In the context of policing, procedural justice is a term used to describe officers’ respectful, transparent, and equitable conduct with community members. Procedural justice training teaches officers to allow community members to explain their actions and guides officers in describing the reasons and legal bases for their responses to those actions. Agencies train officers in procedural justice to promote more respectful encounters between officers and community members with the goals of enhancing police legitimacy and perceptions of fairness, and building community trust in the police.
- The evidence is strong that community members’ personal experiences with or observations of individual officers can influence their views of police legitimacy and their trust in the police.
- If implemented well and monitored to ensure sufficient supervision and compliance, procedural justice training can be effective in improving the attitudes and behaviors of officers and may result in reductions in arrests and the use of force.
- Some research finds that trust in the police is associated with greater compliance with the law and cooperation with the police, which may in turn promote community safety.
- Police should adopt policies and cultures that promote principles of “internal procedural justice” within their own agencies, an important precondition for officers to embrace and comply with procedural justice practices in the community.
Current Practice and Research
The concept of procedurally just policing dates back to the nine principles of policing attributed to Sir Robert Peel, a prime minister of the United Kingdom in the early 1800s who is widely considered the father of modern policing. The term procedural justice was further defined in the early 2000s, in the context of a means of engendering public compliance with the law. The notion that officers should be trained in procedurally just practices in the interests of improving police-community relations with and public trust in the police gained traction as a result of President Obama's Task Force on 21st Century Policing in 2015. The Task Force established police legitimacy as a foundational pillar of exemplary policing and specifically recommended procedural justice training, policies, and practices as a means of enhancing the public’s trust in the police and their compliance with the law.
No systematic data exist on the number of agencies that have adopted procedural justice training. However, the need for police legitimacy has become more pronounced in recent years following fatal police use-of-force events that have sparked nationwide protests. Among the dozens of law enforcement agencies for which the U.S. Department of Justice (DOJ) determined a pattern or practice of conduct in violation of the Constitution or federal law pertaining to use of force, the vast majority of resulting reform agreements have included procedural justice training. A majority of 400 police executives who responded to a Police Executive Research Forum (PERF) survey believe that increasing public trust in law enforcement should be the number one priority for the Biden-Harris Administration.
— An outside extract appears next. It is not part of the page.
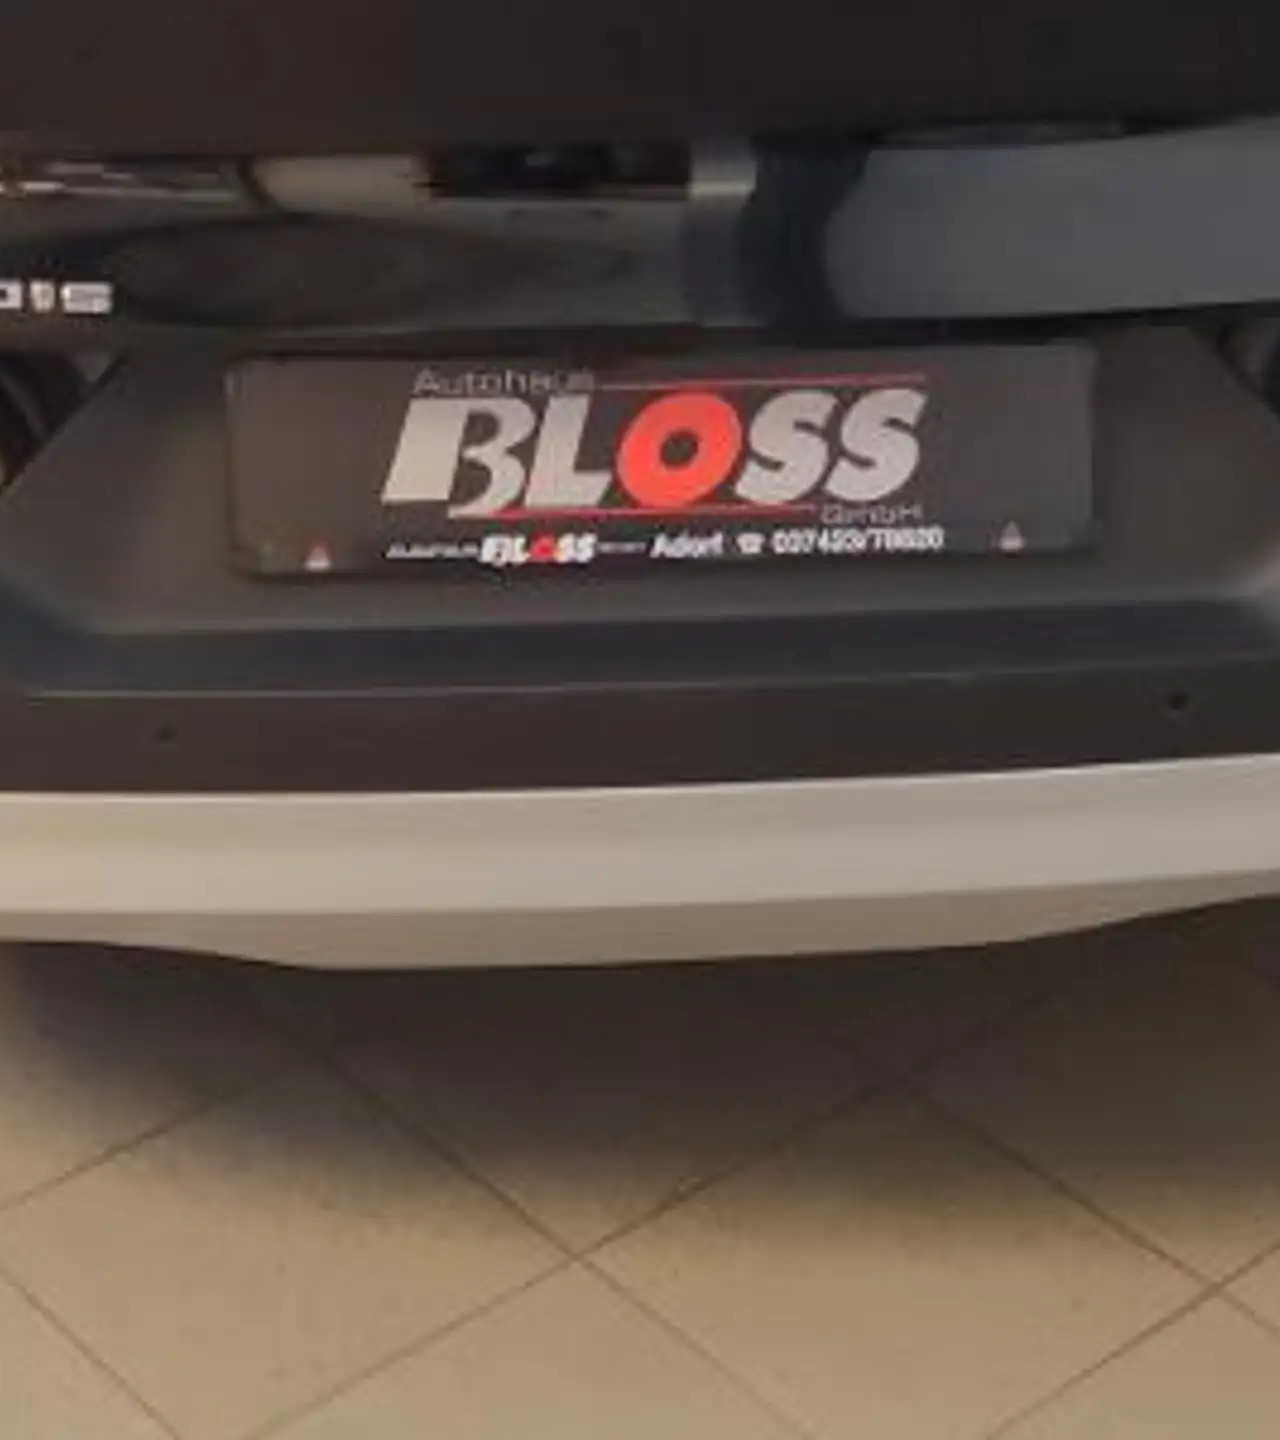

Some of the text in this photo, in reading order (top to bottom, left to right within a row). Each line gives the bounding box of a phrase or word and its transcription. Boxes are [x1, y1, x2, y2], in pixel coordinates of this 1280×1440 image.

Public Perceptions and Police Legitimacy
Procedural justice training is grounded in the idea that community members will comply with legal norms if they perceive the system as treating them fairly and respectfully. It is also theorized that the public is more likely to trust the police if they perceive that officers are treating them equitably. Research on the relationship between interactions and perceptions is convincing.
Systematic reviews and meta-analyses find that people who have had positive personal experiences with the police are more likely to trust in the police, indicate a greater willingness to cooperate with them, and express higher satisfaction with police services. These findings are supported by rigorous experimental studies identifying a causal link between procedural justice and police legitimacy. However, other research finds that public opinions of police are informed by a variety of factors and are shaped over time and by multiple interactions, observations, and experiences, including those that occur nationally and outside of their jurisdictions. Opinions are also shaped by conversations with family and friends. Studies indicate that single encounters with police officers may not influence views about the police agency overall. In addition, research has found that negative interactions with the police are more powerful in driving overall perceptions of police legitimacy than are positive interactions. Research on the relationship between public trust in the police and compliance with the law is mixed. Some scholars have concluded that increasing procedural justice and the resulting impact on public trust in the police are as effective in controlling crime as the traditional deterrence model. Others disagree. Indeed, a survey of residents in the highest crime, lowest-income communities across six U.S. cities found that self-reported agreement and compliance with the law is high even when overall views of police legitimacy are alarmingly low. Other research has identified a relationship between procedural justice, community trust in the police, and increases in crime clearance rates.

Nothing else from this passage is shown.